Not heaps of dust vacuumed
from New Mexican sand dunes
by monstrous winds.
Not plumes
of molten rock.
I did not drive
the white car
that you did not crash
into a Kentucky library.
And that glass wall:
it did not shatter.
Isn’t this what it means
to be human? The puppeteer
scratching her head
as mechatronic marionettes
rush the stage to dance
on wildly warped boards.
We did not carry
our portmanteaus
into the motel
camouflaged by night smog.
The wood did not burn,
the neon sign did not flicker,
and the clock did not strike at all.
Mate for Life + Death +
They flip each other
the bird
as a sweet nod to their mutual affection.
Naturally. She swears
she saw a black and yellow butterfly
wing on the dirty
snow-encrusted trail weeks before
the chain of lakes ice out.
The nest fell after 20 years.
The eaglet did not
survive.
Hopping from one live
cam to the next,
she watches two peregrines
fuss over their first egg.
Does she dare
hope? Will he see
one fly upside down again?
When will the ruby-throated
hummingbirds awaken
from their torpor and
return
to mesmerize them
with their backwards
in-flight dance?
Just a 3-second fling
we all know so well.
And ducks contemplate
a swim in a freshly melted city
park puddle before seeking seasonal
monogamy.

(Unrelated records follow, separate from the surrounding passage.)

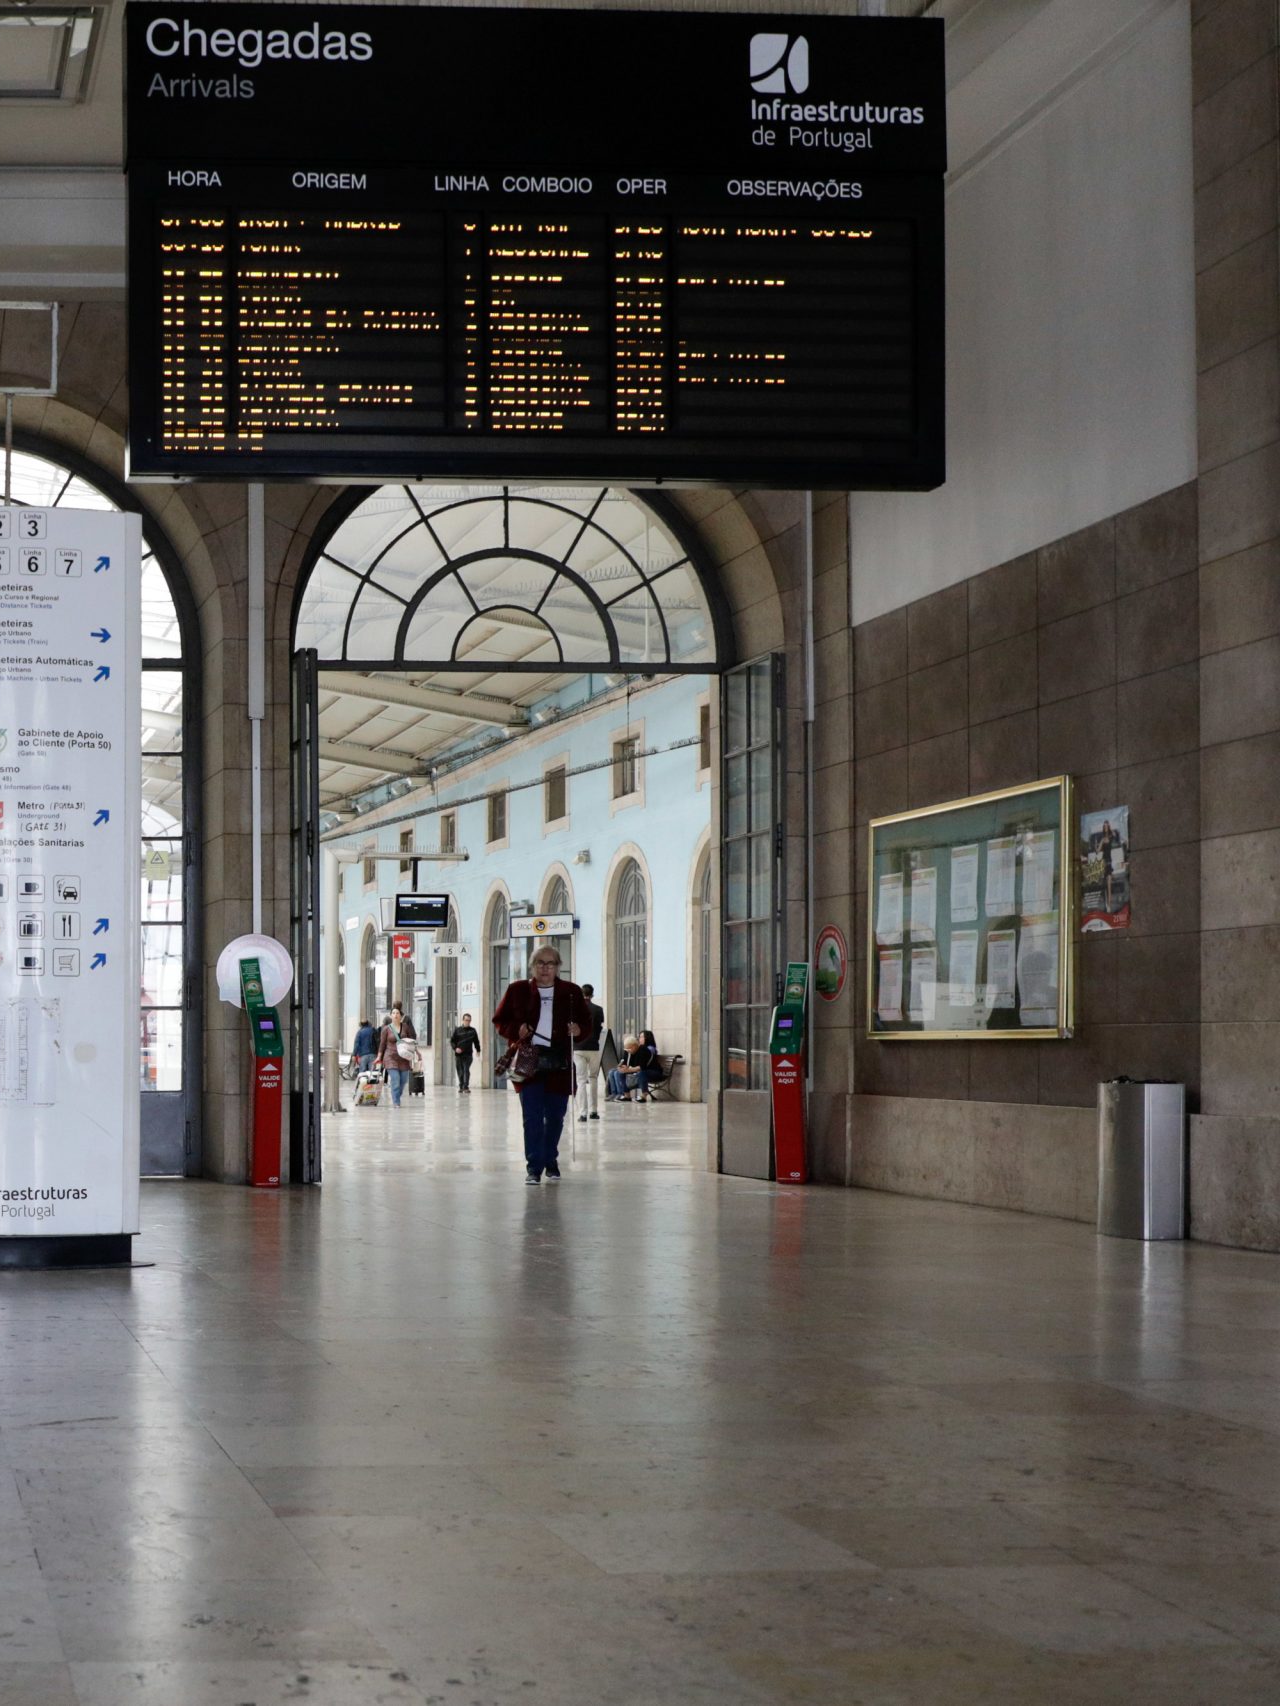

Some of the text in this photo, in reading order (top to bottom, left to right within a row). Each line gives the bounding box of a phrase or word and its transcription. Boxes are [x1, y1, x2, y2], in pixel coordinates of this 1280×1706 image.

[144, 19, 374, 67] Chegadas
[147, 72, 255, 100] Arrivals
[751, 99, 924, 124] Infraestruturas
[751, 126, 872, 152] de Portugal
[168, 171, 863, 201] HORA ORIGEM LINHA COMBOIO OPER OBSERVAÇÕES
[27, 520, 39, 537] 3
[27, 556, 39, 573] 6
[64, 559, 74, 575] 7
[36, 656, 94, 667] Automáticas
[18, 728, 104, 741] Gabinete de Apoio
[32, 739, 65, 748] Cliente
[68, 739, 95, 750] (Porta
[98, 740, 112, 750] 50)
[17, 802, 45, 810] Metro
[38, 838, 85, 848] Sanitarias
[517, 922, 532, 931] Stop
[1, 1204, 55, 1220] Portugal

Back
in the blind, they
coo
obscenities at one another
as they share
binoculars on the warmest day
in five months.
Blueway
She speaks to him with her single
quotation mark eyebrows.
She’s not the first to tell him
it’s time to rescue the creek
from the underground.
Vampire loads haunt the halls
of revamped warehouses and
not so refreshed corner bars.
A GPS watch skips
two hours ahead
without the wearer having
to leave the neighborhood.
It’s a mistake
to diminish the sorrow
in the center
of everything.
After days of sweating
and hallucinating
about buildings
that scrape clouds
off the sky
like sandblasters attacking
stubborn graffiti residue,
the hissing finally ceases.
A tenant left the window open
before moving out.
She wants to ask him
where all the sax players
who used to wail their laments
out open windows
have gone. It’s April 1st,
and nine inches of fresh snow
conceal all the previous day’s
potential. Sadly, it’s no joke.
He reminds her you can see
the tangle of highway lanes below
through tiny knotted holes
in the pedestrian bridge
boardwalk. No nearby woonerf
to calm the traffic down.
Thunder sleet—also no joke.
She confesses to him
she has not crossed
the Mississippi in months.
It could simply mean
all the musicians have stopped
practicing. Or, they have
already broken free.
He doesn’t have to say it.
They both know
this day won’t end
without hearing Prince sing
“Sometimes It Snows in April.”
They watch the freight train
pass through town before them,
car after car holding
someone else’s secrets—not theirs.
The rhythm of wheels
over rail joints
ruins their rush.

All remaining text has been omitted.